→ What to work on: The records below are to be written out exactly, with every picture omitted.

** Opening Source material block **

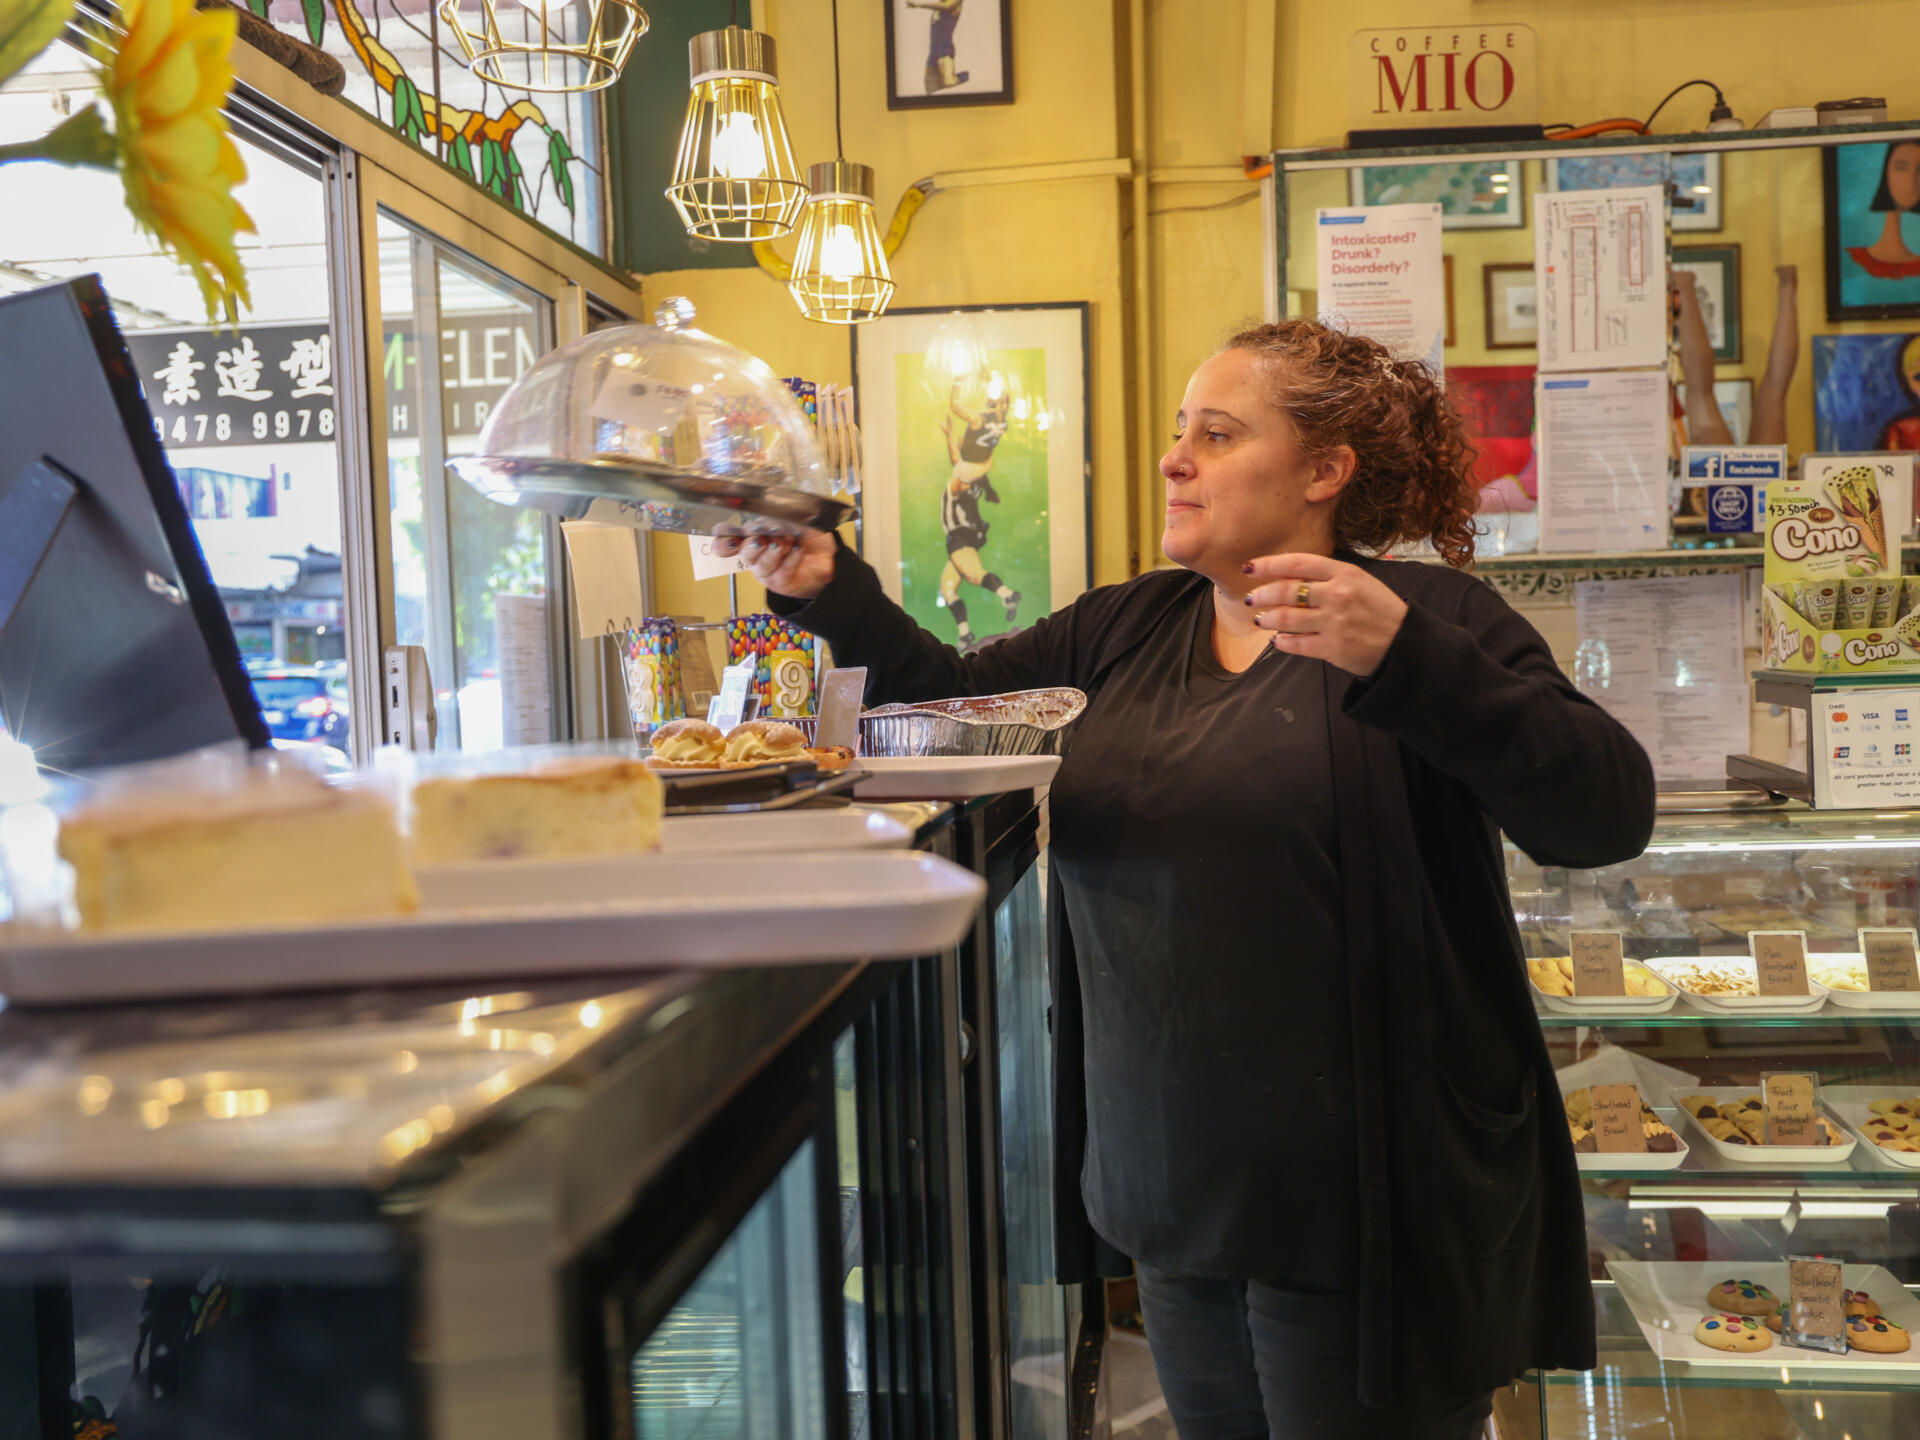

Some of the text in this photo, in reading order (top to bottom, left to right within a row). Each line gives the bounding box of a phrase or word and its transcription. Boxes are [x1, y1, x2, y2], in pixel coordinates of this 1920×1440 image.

[1370, 32, 1515, 53] COFFEE
[1371, 50, 1515, 113] MIO
[1331, 231, 1417, 246] Intoxicated?
[1332, 247, 1381, 260] Drunk?
[1332, 261, 1410, 275] Disorderly?
[139, 333, 335, 406] 素造型
[252, 408, 334, 440] 9978
[392, 401, 489, 432] HIR
[1736, 452, 1754, 460] Like
[1729, 465, 1774, 475] facebook
[1800, 499, 1820, 512] each
[1772, 517, 1861, 561] Cono
[1778, 621, 1800, 663] Cono
[1844, 638, 1900, 665] Cono
[775, 657, 811, 709] 9
[1862, 712, 1880, 720] VISA
[1857, 772, 1884, 780] purchases
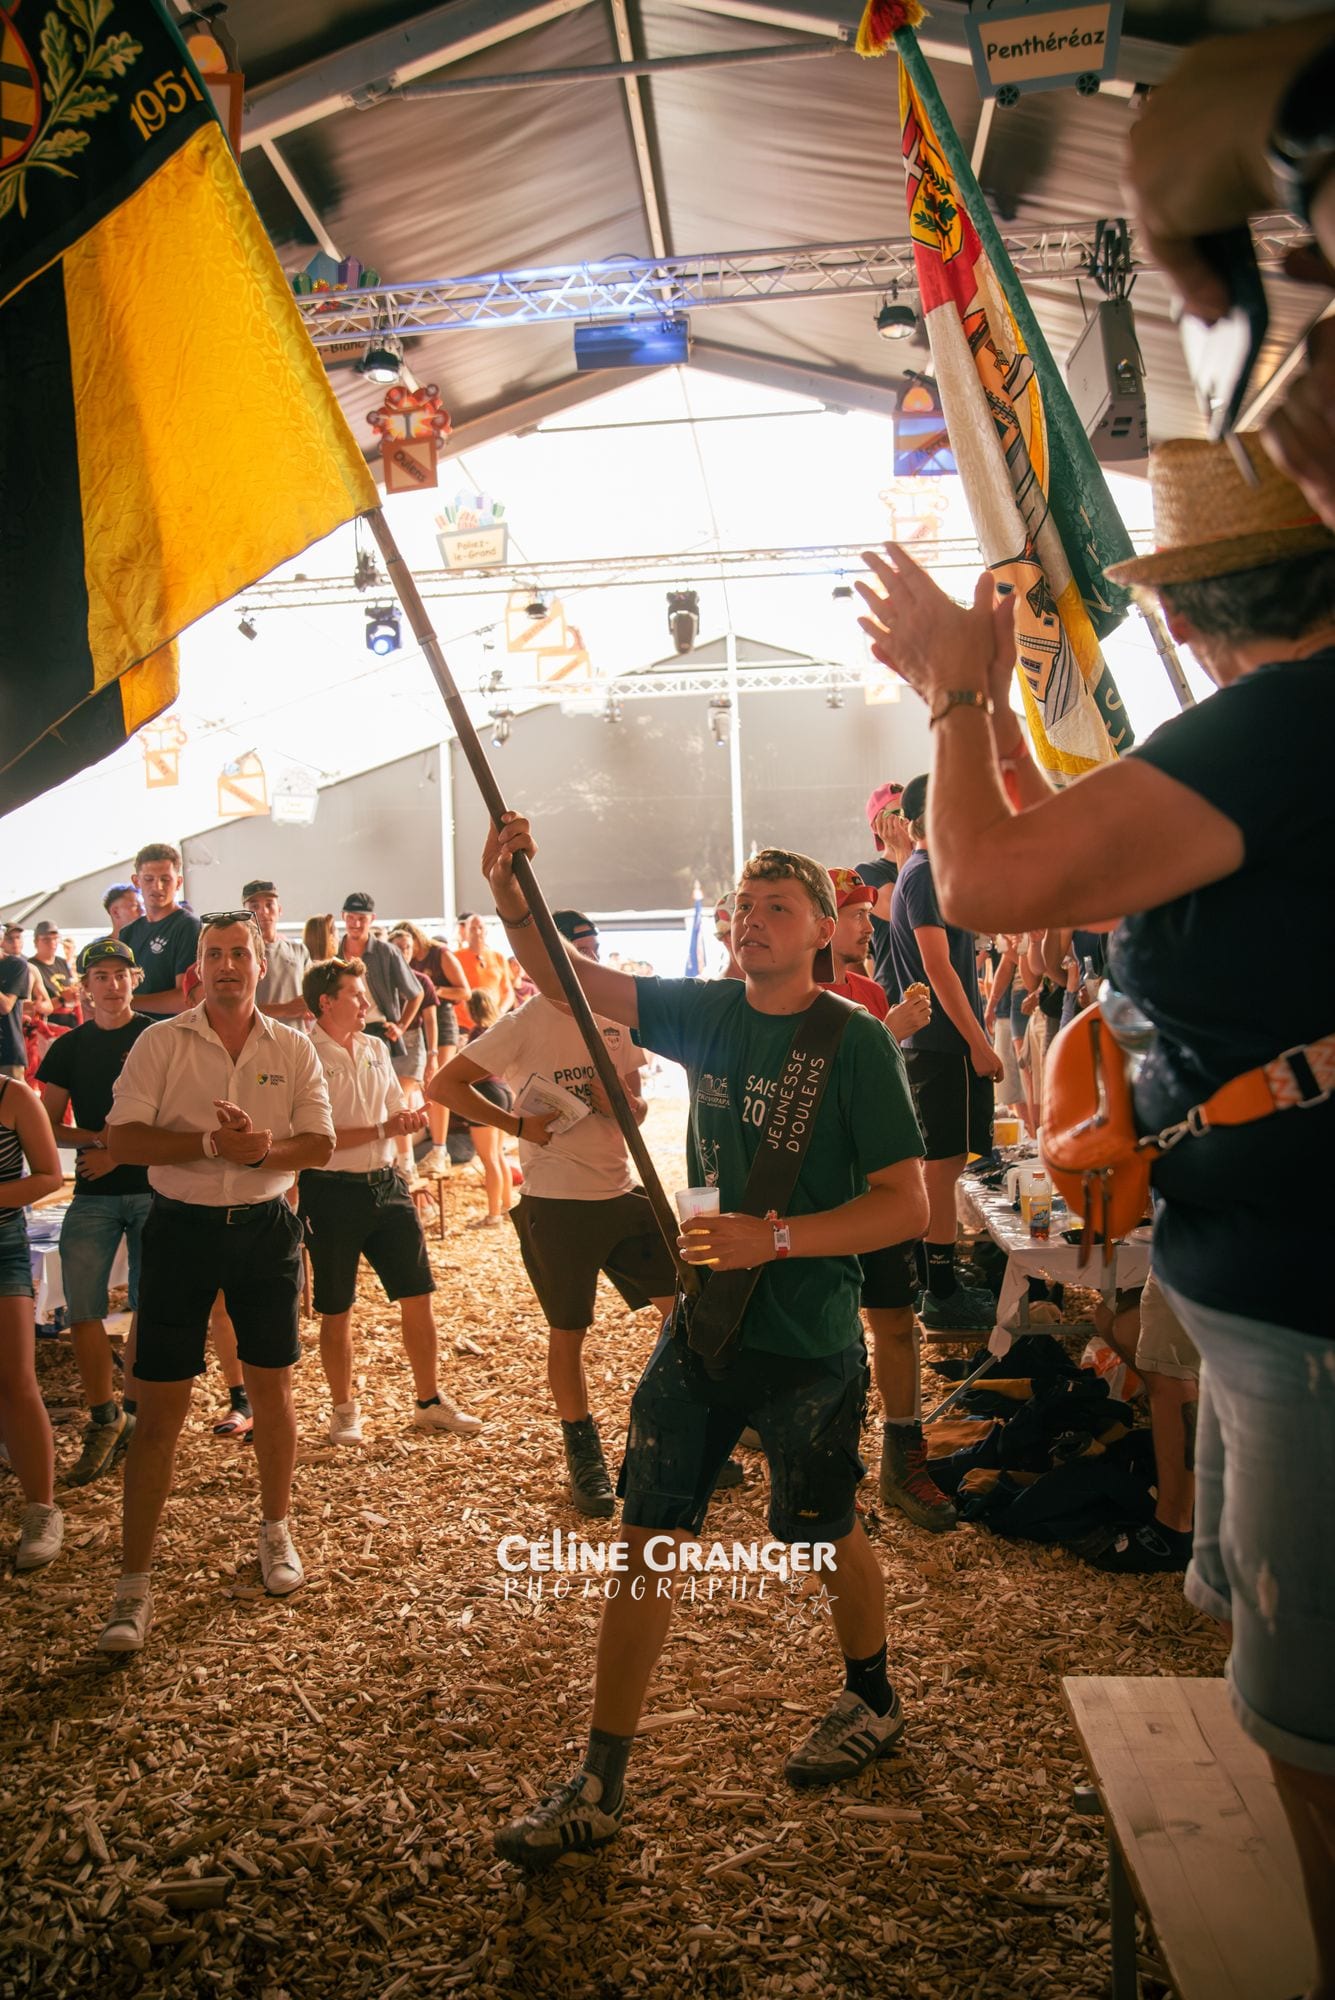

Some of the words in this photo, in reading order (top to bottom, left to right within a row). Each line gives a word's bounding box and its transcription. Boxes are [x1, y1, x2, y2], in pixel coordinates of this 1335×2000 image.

** Closing Source material block **

→ Output of the exercise:
Some of the text in this photo, in reading order (top to bottom, left to right within a row). Each line gives the bounding box of a phrase or word and its transcription. Boxes are [x1, y1, x2, y2], in pixel coordinates of this 1920×1440 image.

[1370, 32, 1515, 53] COFFEE
[1371, 50, 1515, 113] MIO
[1331, 231, 1417, 246] Intoxicated?
[1332, 247, 1381, 260] Drunk?
[1332, 261, 1410, 275] Disorderly?
[139, 333, 335, 406] 素造型
[252, 408, 334, 440] 9978
[392, 401, 489, 432] HIR
[1736, 452, 1754, 460] Like
[1729, 465, 1774, 475] facebook
[1800, 499, 1820, 512] each
[1772, 517, 1861, 561] Cono
[1778, 621, 1800, 663] Cono
[1844, 638, 1900, 665] Cono
[775, 657, 811, 709] 9
[1862, 712, 1880, 720] VISA
[1857, 772, 1884, 780] purchases

Some of the words in this photo, in reading order (top to bottom, left to right within a row). Each line gives a word's bounding box and its transcription. Boxes are [x1, y1, x2, y2], in pixel coordinates of this 1335×2000 image.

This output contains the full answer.